Fig. 1.4: An illustration of the curse of dimensionality and kernel dimensions. We show kernel sizes for different data dimensions where each dimension has a size of 11, as employed in the popular architecture AlexNet [262].

constructed. While finding application in intraoperative imaging [76], 3D deep learning-based processing has rarely been used. Thus, multi-dimensional OCT deep learning problems with an intraoperative context, including pose and motion estimation [276], as well as force estimation [367], remain open problems. Advancements in Mhz OCT devices have even enabled 4D spatio-temporal data generation [537], which could provide even richer context and has not been made use of so far. As a result, there are many opportunities for the use of multi-dimensional OCT data.

As a result, there are numerous multi-dimensional deep learning problems for MRI and OCT data that lack an analysis from a multi-dimensional perspective. When addressing such a problem, there is typically a choice between different data representations that can range from 1D to 4D data.
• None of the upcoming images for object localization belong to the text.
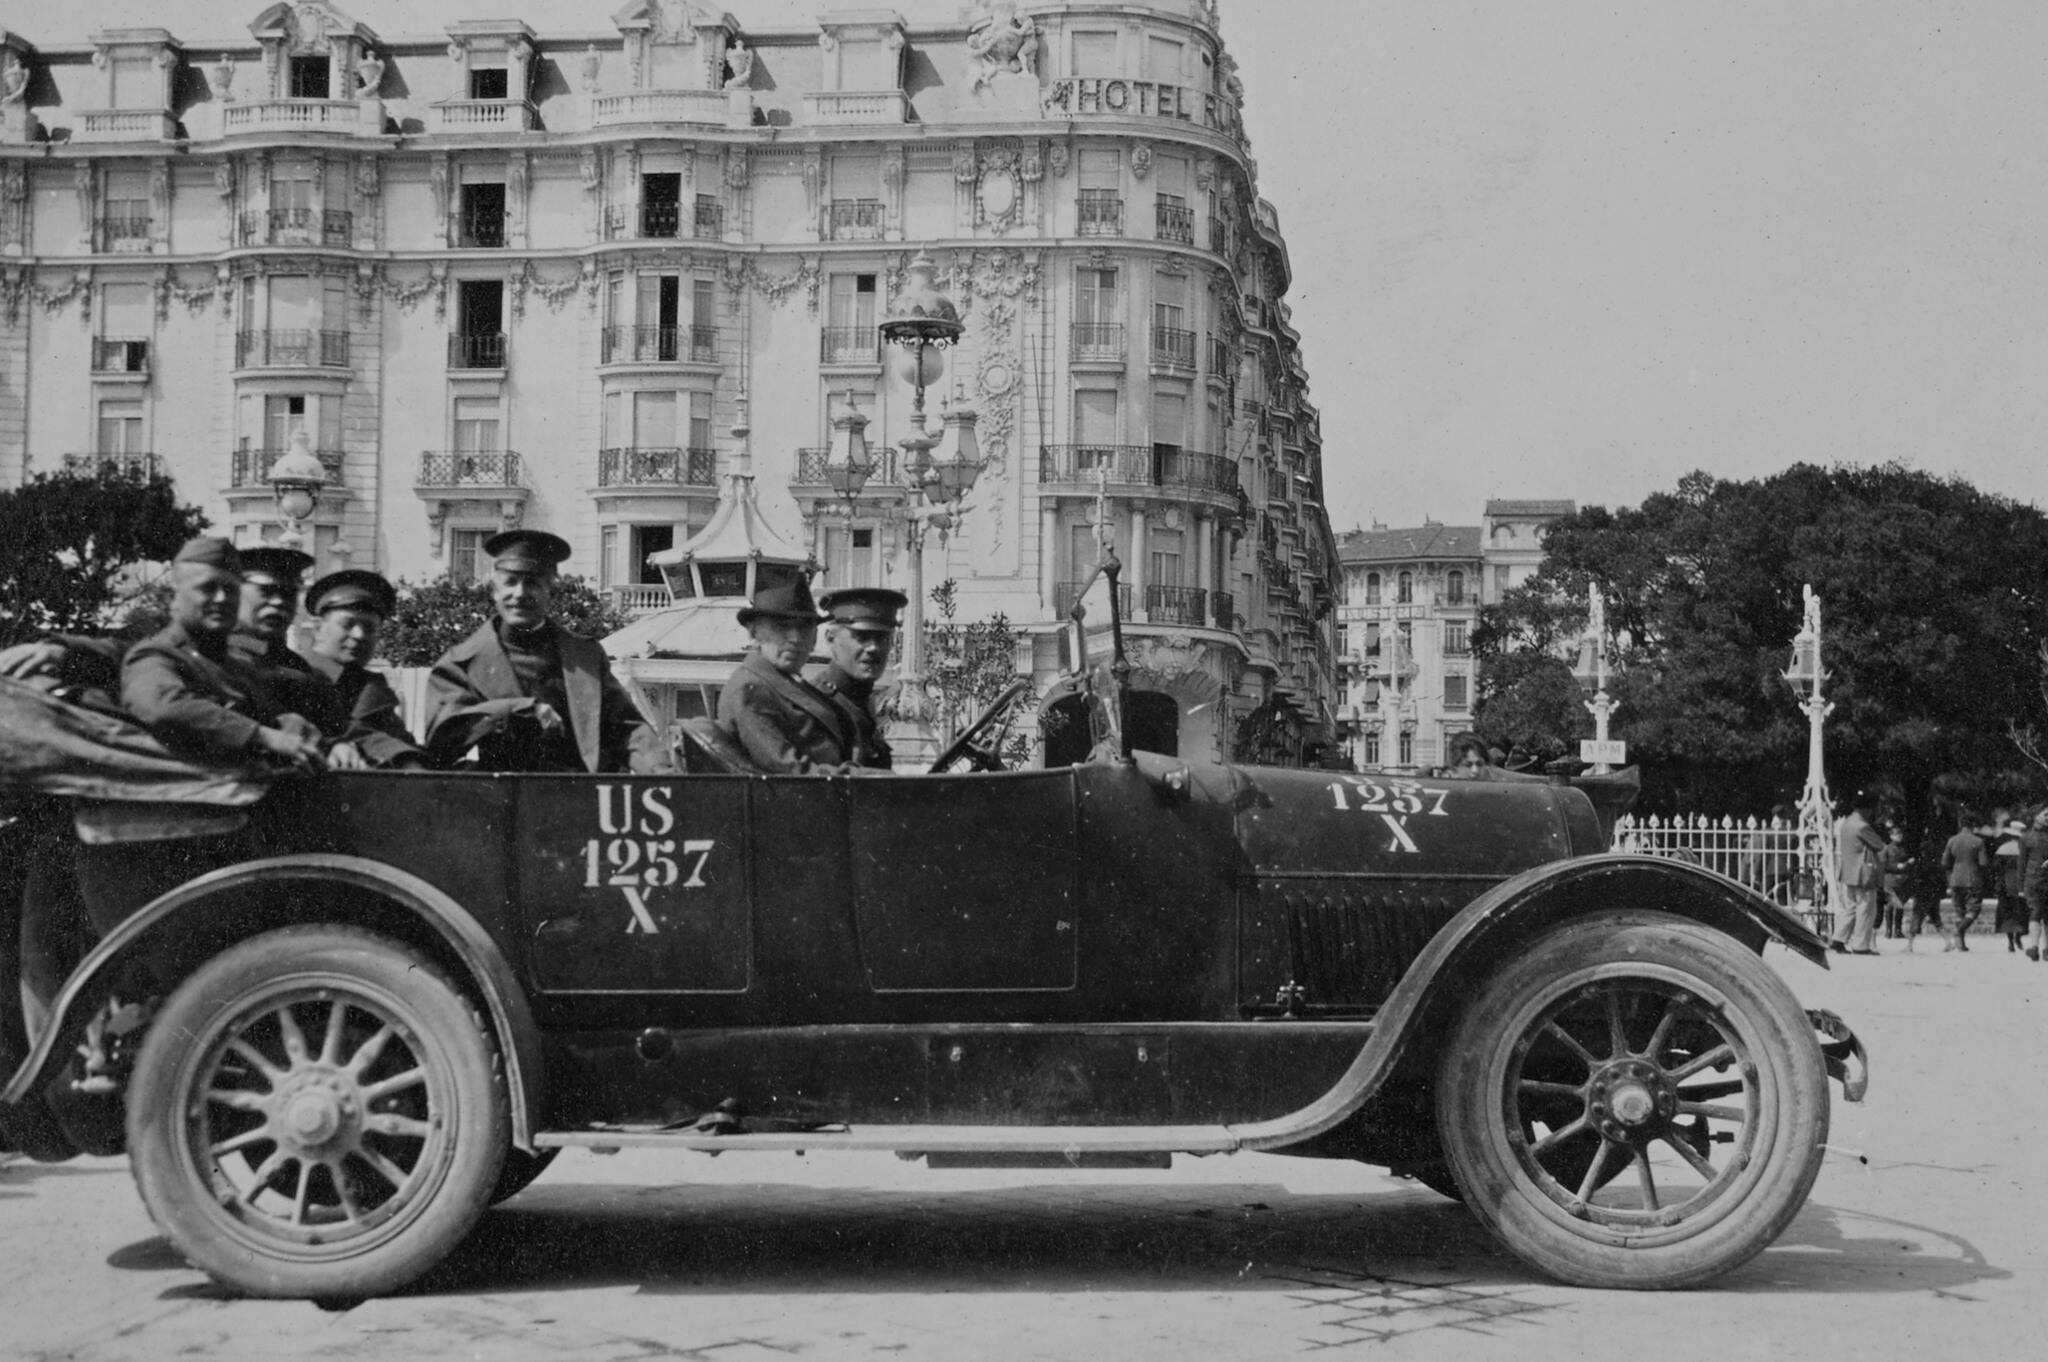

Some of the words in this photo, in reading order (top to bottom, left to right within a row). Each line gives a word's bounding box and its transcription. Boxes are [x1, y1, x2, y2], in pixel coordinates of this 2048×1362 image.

[1078, 79, 1192, 121] HOTEL
[596, 784, 674, 836] US
[1325, 782, 1449, 815] 1257
[1380, 813, 1421, 853] X
[579, 838, 716, 887] 1257
[620, 886, 660, 933] X
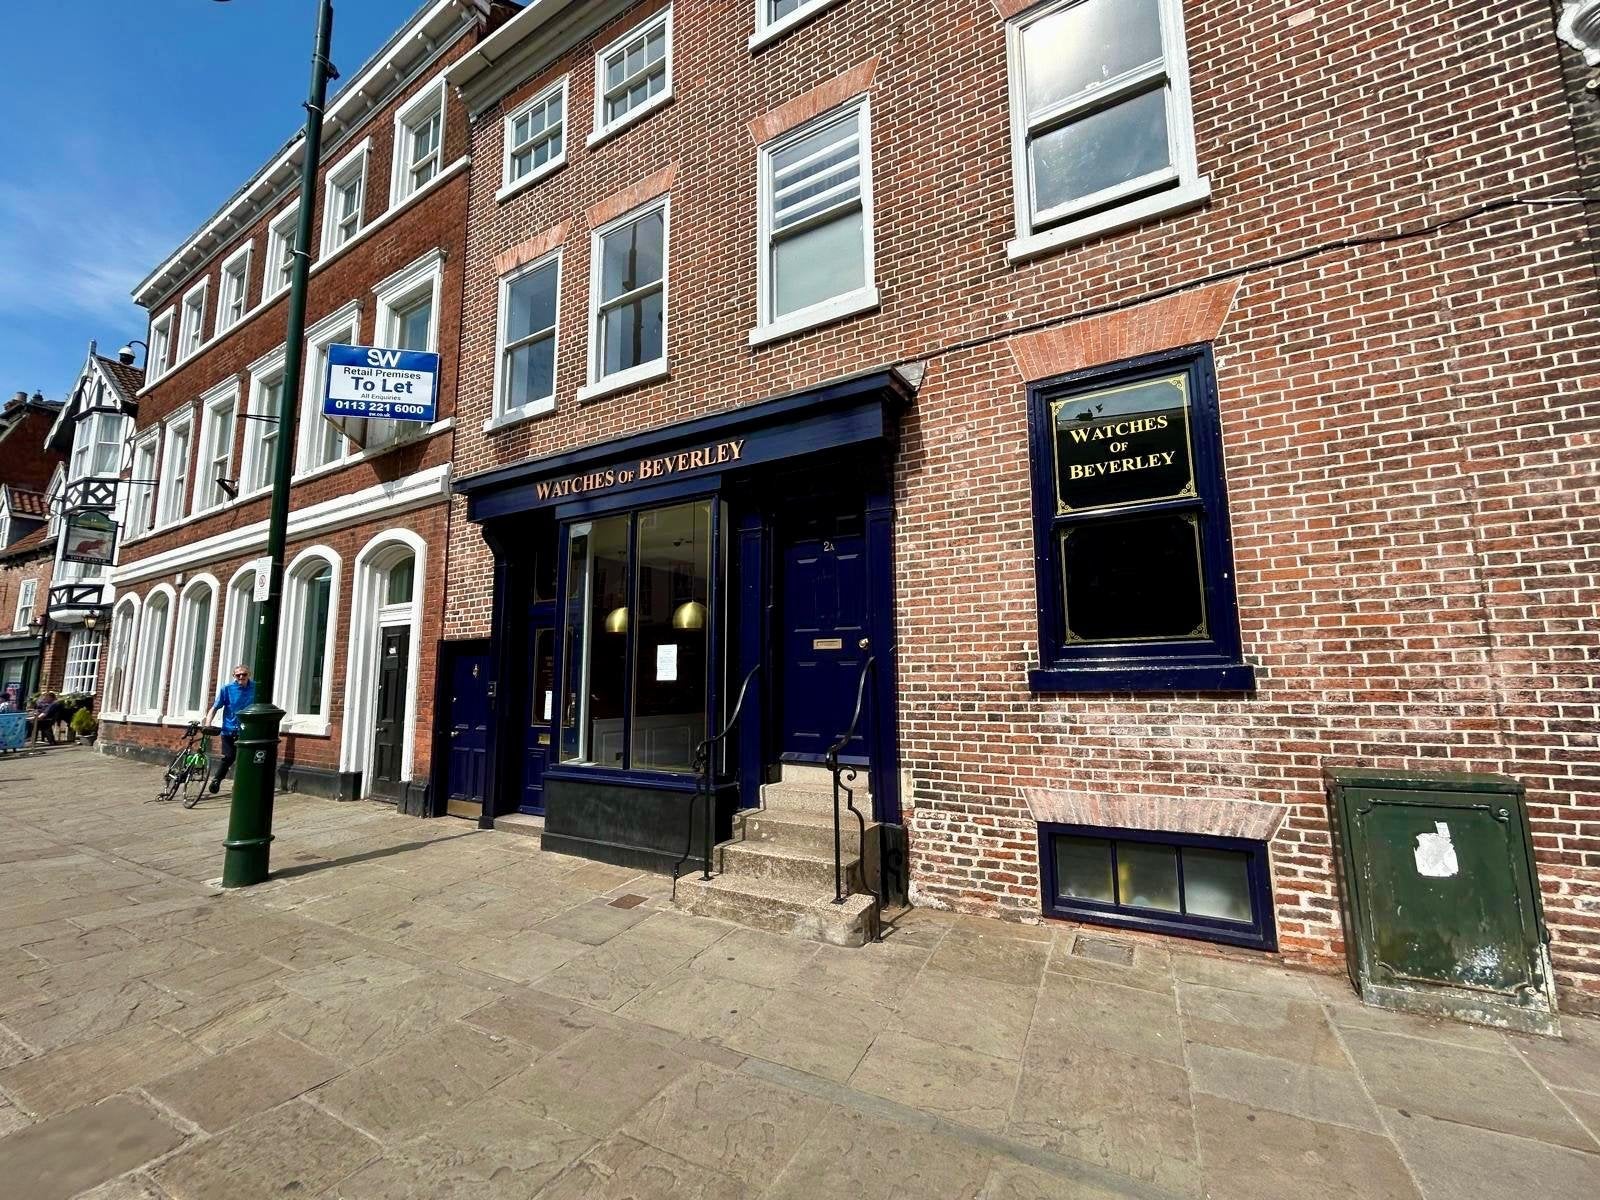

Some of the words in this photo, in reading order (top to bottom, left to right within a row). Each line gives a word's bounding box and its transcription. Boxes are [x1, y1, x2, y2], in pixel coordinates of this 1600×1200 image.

This choice is accompanied by the design of a suitable deep learning method that deals effectively with the data structure.

Historically, deep learning model design for medical image analysis is heavily in-fluenced by methods proposed in the natural image domain where deep learning for images originally emerged [301]. This becomes evident in the extensive use of 2D CNNs that have been originally designed for 2D natural images [451]. This has been largely successful for a lot of medical image analysis problems [301, 447]. Thus, from a multi-dimensional perspective, the question is how to extend common 2D deep learning methods to other data representations.

Moving to lower data dimensions, 1D data does not offer much context, but it comes with the advantage of being computationally cheap. Thus, 1D data is interesting in terms of real-time applications, for example, for computer-assisted interventions. Furthermore, deep learning methods that are computationally expensive otherwise might be easy to employ on 1D data.

Moving towards higher-dimensional deep learning models is particularly challeng-ing as the curse of dimensionality becomes a significant problem. For a CNN, the number of trainable parameters increases exponentially, which leads to a severe risk of overfitting due to overparameterization, see Figure 1.4. Therefore, model design for higher-dimensional data requires a particular focus on efficiency in terms of the number of trainable parameters. At the same time, computational resources and memory usage become critical as processing high-dimensional data is very cost-intensive. Thus,

higher-dimensional deep learning model design is complicated, which might be one of the reasons why it has not gained more traction so far, despite promising results being reported [231]. For example, 3D CNN design has been previously referred to as "a nightmare" [327]. Overall, high-dimensional deep learning model design remains a challenging problem for medical image analysis.

Summarized, multi- and high-dimensional data are a promising opportunity to make use of relevant context. However, the optimal choice of data representations is often un-clear, and deep learning model design is challenging, in particular for high-dimensional data. This results in two principal research questions addressed in this thesis:

1. Which data representations should be used for deep learning-based multi-dimensional medical image processing?

2. Which deep learning methods can be designed and used for processing specific data representations?

These research questions are very fundamental and broad in nature, requiring an analysis of different applications and imaging modalities to obtain general insights.

Therefore, throughout this dissertation, we address these two research questions for the imaging modalities OCT and MRI in the context of several different applications. We propose multiple novel deep learning approaches and architectures for multi-dimensional image data. Our methods undergo extensive empirical evaluation in different application scenarios for addressing the two research questions in an application-specific context and for gaining a broader understanding and generalizable insights on multi-dimensional deep learning.